● **Prompt**
When the records are reproduced, each one must match exactly, and no picture may be kept.

● **Data supplied**
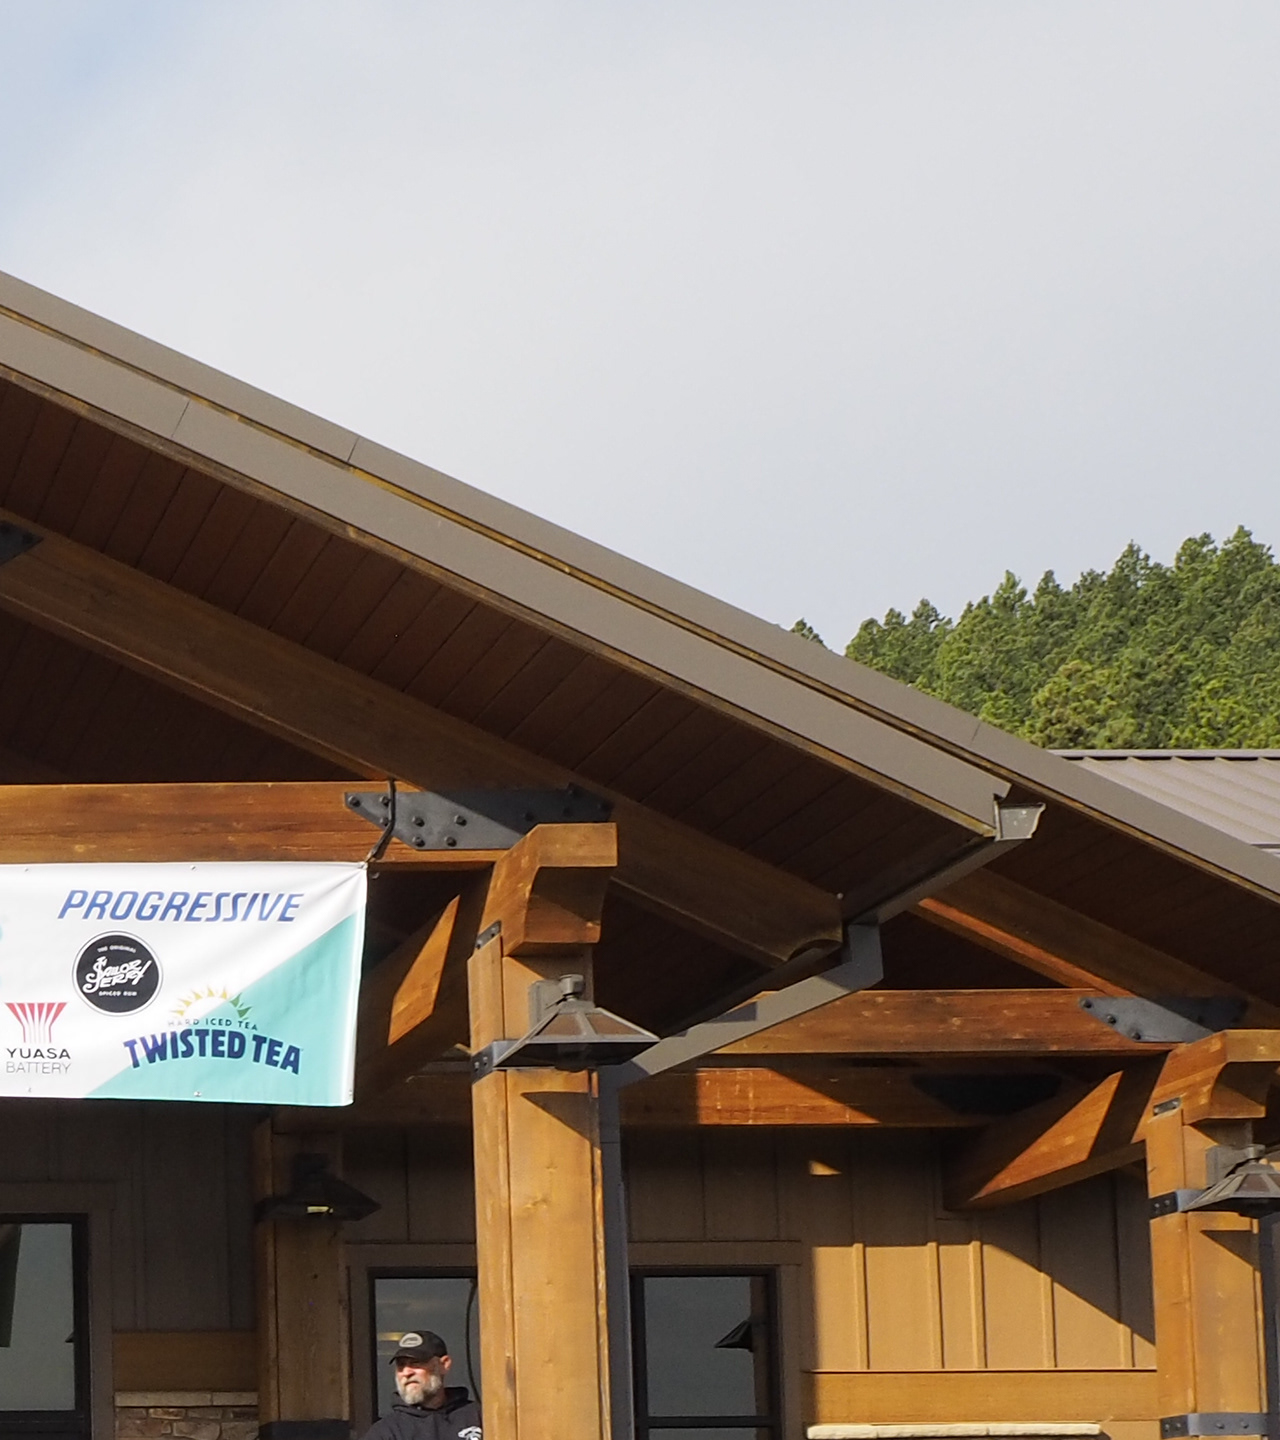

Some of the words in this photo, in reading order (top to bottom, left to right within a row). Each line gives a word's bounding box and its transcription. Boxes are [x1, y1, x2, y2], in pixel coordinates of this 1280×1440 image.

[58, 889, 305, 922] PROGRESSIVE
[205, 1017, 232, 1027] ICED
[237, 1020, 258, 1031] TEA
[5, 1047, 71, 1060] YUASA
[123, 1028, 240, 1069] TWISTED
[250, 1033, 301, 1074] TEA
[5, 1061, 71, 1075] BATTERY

● **Task response**
Some of the words in this photo, in reading order (top to bottom, left to right within a row). Each line gives a word's bounding box and its transcription. Boxes are [x1, y1, x2, y2], in pixel coordinates of this 1280×1440 image.

[58, 889, 305, 922] PROGRESSIVE
[205, 1017, 232, 1027] ICED
[237, 1020, 258, 1031] TEA
[5, 1047, 71, 1060] YUASA
[123, 1028, 240, 1069] TWISTED
[250, 1033, 301, 1074] TEA
[5, 1061, 71, 1075] BATTERY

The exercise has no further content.